For the second quarter, same-store sales are expected to decrease in the high-teens compared to the record sales of the fiscal 2021 second quarter when net sales grew 34 percent, higher than any pre-pandemic second quarter in the company’s history.
Fiscal 2022 second-quarter is expected in the range of 40 cents to 50 cents, which compares to record second-quarter earnings per diluted share of $1.63 in fiscal 2021.
In the 2020 second quarter, net earnings of 52 cents per share included a net benefit of approximately 13 cents per share related to rent abatement savings and recovery in eminent domain litigation, partially offset by the expense associated with its employee recognition bonus awards.
Miller said that so far in the second quarter, most categories are performing well against pre-pandemic periods.
“We are particularly encouraged by the early rates in our summer seasonal products,” he said. “And we believe our inventory is well-positioned to capitalize on summer seasonal demands. That said, historically April is a low-volume month. And, as always, the key to the quarter will revolve around the high volume periods of Memorial Day, Father’s Day and the lead-up to the July 4 holiday, which, this year, falls on the first day of our third quarter.”
Miller also noted that the year-over-year comparisons remain challenging during the second quarter as Big 5 faces last year’s record sales that benefited from a continuation of the pent-up demand following the easing of pandemic-related restrictions. For the quarter-to-date, same-store sales compared to last year are running down in the mid-20 percent range. However, compared to 2019, quarter-to-date sales are running up approximately 10 percent.

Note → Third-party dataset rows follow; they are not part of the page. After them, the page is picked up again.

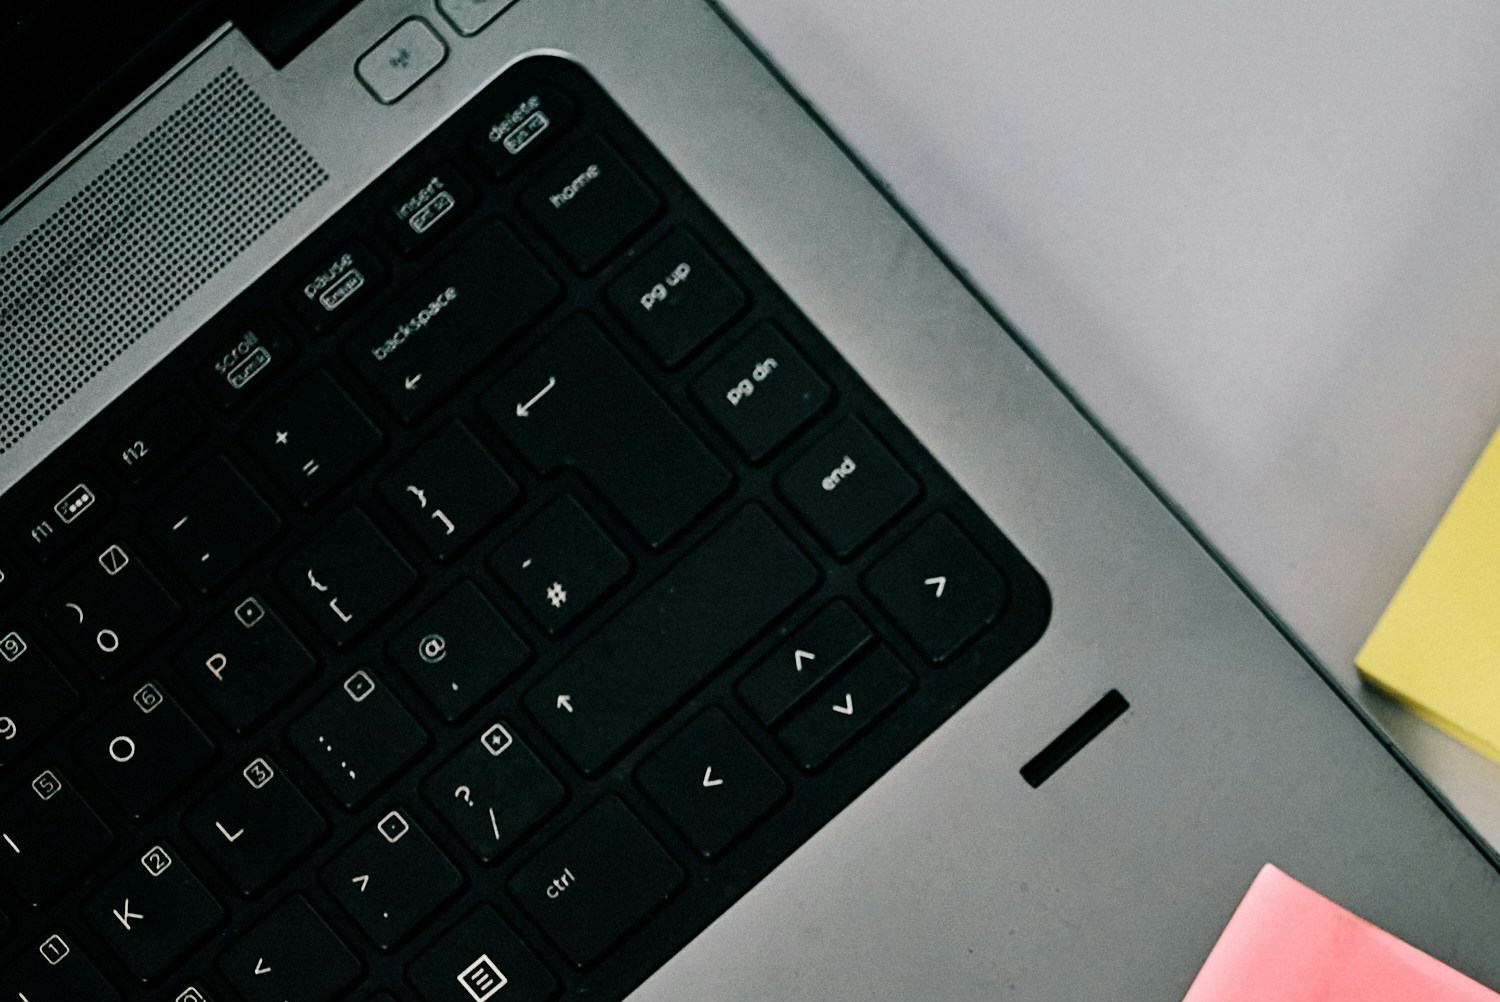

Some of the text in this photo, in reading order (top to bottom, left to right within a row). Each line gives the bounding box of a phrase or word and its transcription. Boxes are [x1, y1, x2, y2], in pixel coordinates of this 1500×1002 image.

[550, 165, 598, 207] home
[304, 252, 353, 301] pause
[639, 261, 692, 312] pg up
[371, 286, 459, 362] backspace
[215, 330, 258, 375] scroll
[726, 355, 779, 408] pg dn
[121, 440, 149, 466] f12
[822, 457, 855, 490] end
[31, 521, 54, 543] f11
[547, 583, 566, 607] #
[419, 635, 445, 662] @
[206, 653, 226, 680] P
[455, 786, 473, 806] ?
[216, 822, 243, 842] L
[546, 868, 576, 899] ctrl
[113, 899, 143, 930] K
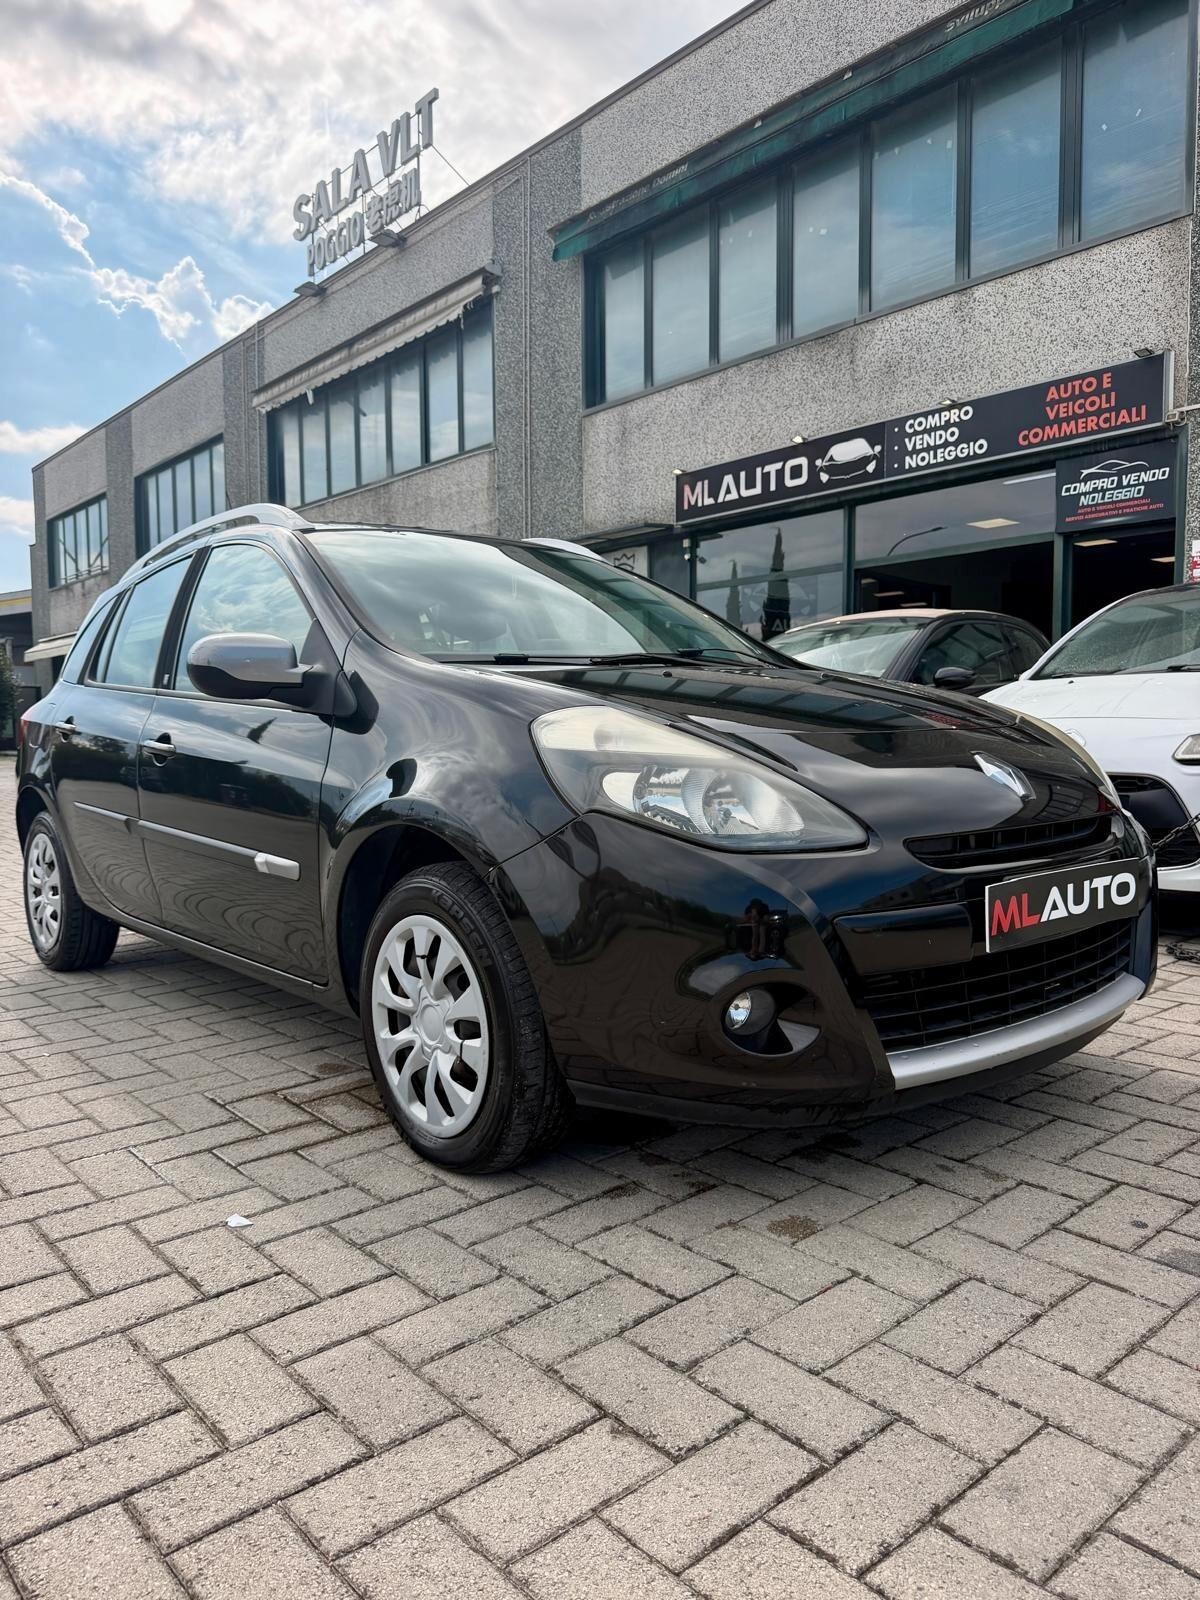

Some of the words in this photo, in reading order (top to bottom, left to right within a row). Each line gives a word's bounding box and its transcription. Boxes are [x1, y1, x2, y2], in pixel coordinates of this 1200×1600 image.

[293, 148, 371, 241] SALA
[376, 87, 439, 178] VLT
[307, 211, 365, 277] POGGIO
[1045, 376, 1098, 402] AUTO
[1102, 372, 1112, 389] E
[904, 405, 974, 434] COMPRO
[1045, 391, 1116, 420] VEICOLI
[904, 426, 960, 452] VENDO
[1018, 404, 1147, 446] COMMERCIALI
[904, 438, 988, 470] NOLEGGIO
[1061, 476, 1118, 497] COMPRO
[1121, 467, 1170, 487] VENDO
[1079, 485, 1145, 507] NOLEGGIO

Miller concluded, ‘Taking a step back for a moment, over the last couple of years, our business has achieved unprecedented growth in the face of unprecedented challenges. As some of these challenges are now beginning to recede, our earnings results continue to significantly outpace historical levels. We certainly set the bar high last year. But keep in mind that we don’t need to beat last year’s results to produce another very profitable and successful quarter and year. We feel very optimistic about our ability to continue to capitalize on many of the recent drivers of our success including favorable product trends, expanded merchandise margins and meaningfully reduced print advertising spend, coupled with more flexible purchasing and pricing. And perhaps, more importantly, we have a highly experienced team that knows how to execute our model to drive results.”